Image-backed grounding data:
Segment Open
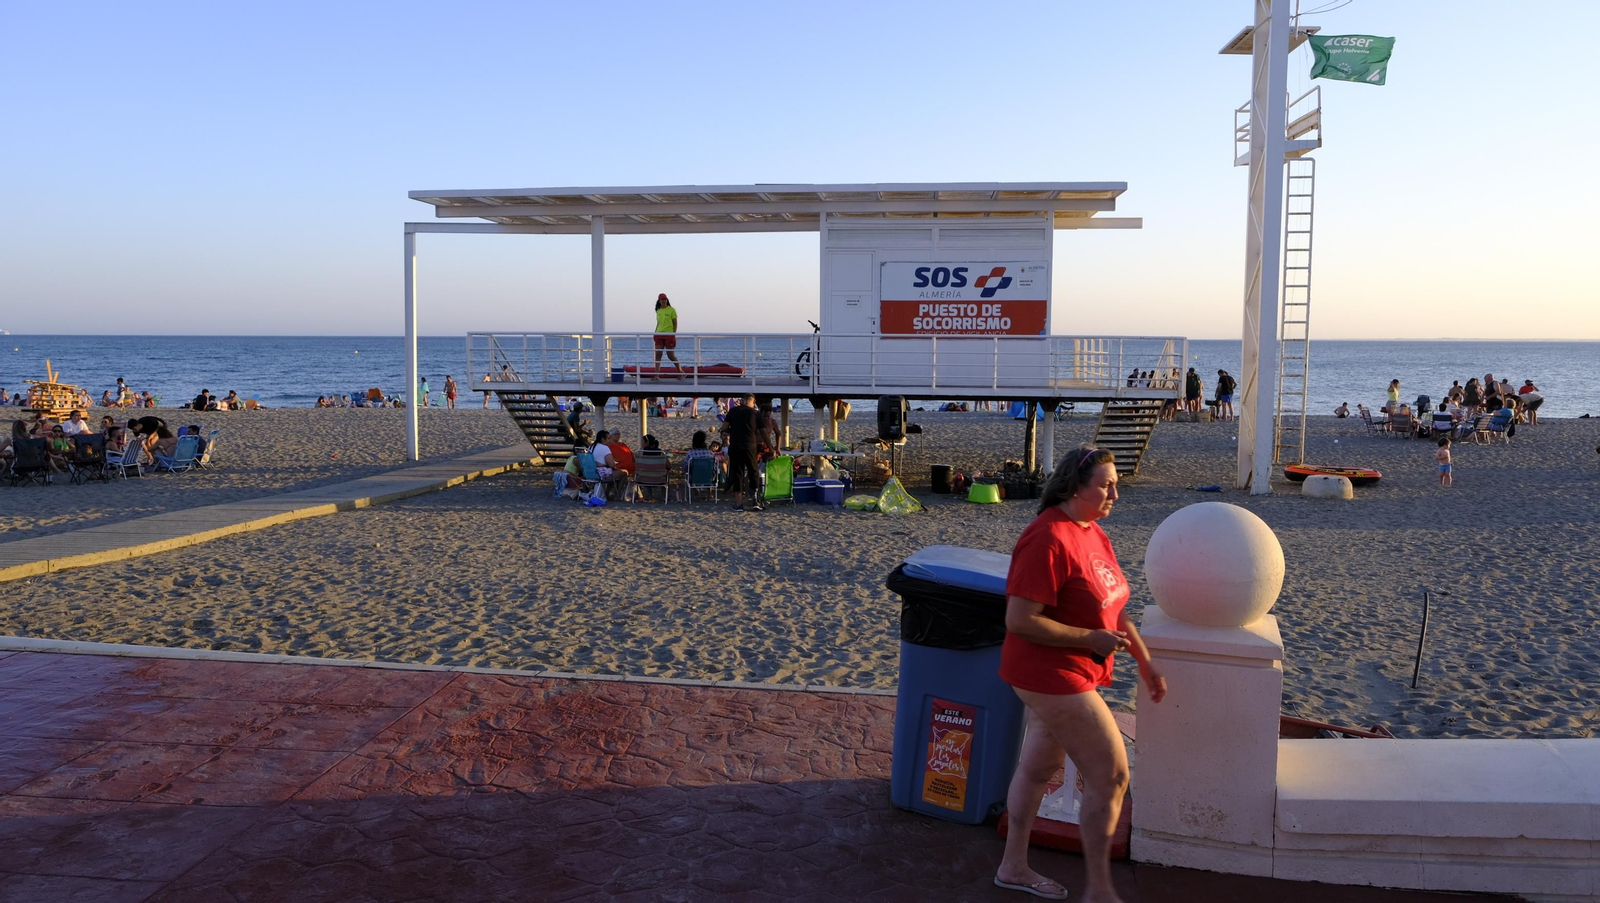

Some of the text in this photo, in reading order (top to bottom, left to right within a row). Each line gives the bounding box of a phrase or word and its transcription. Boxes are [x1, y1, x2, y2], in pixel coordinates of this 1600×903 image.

[1333, 37, 1374, 48] caser
[913, 266, 969, 288] SOS
[919, 289, 962, 299] ALMERÍA
[919, 304, 1002, 317] PUESTO DE
[912, 317, 1012, 330] SOCORRISMO
[934, 713, 973, 726] VERANO
[944, 709, 960, 717] ESTE
Segment Closed
» Assignment
Go through the records and repeat each one exactly, skipping anything that is a picture.

» Task solution
Some of the text in this photo, in reading order (top to bottom, left to right within a row). Each line gives the bounding box of a phrase or word and its transcription. Boxes are [x1, y1, x2, y2], in pixel coordinates of this 1600×903 image.

[1333, 37, 1374, 48] caser
[913, 266, 969, 288] SOS
[919, 289, 962, 299] ALMERÍA
[919, 304, 1002, 317] PUESTO DE
[912, 317, 1012, 330] SOCORRISMO
[934, 713, 973, 726] VERANO
[944, 709, 960, 717] ESTE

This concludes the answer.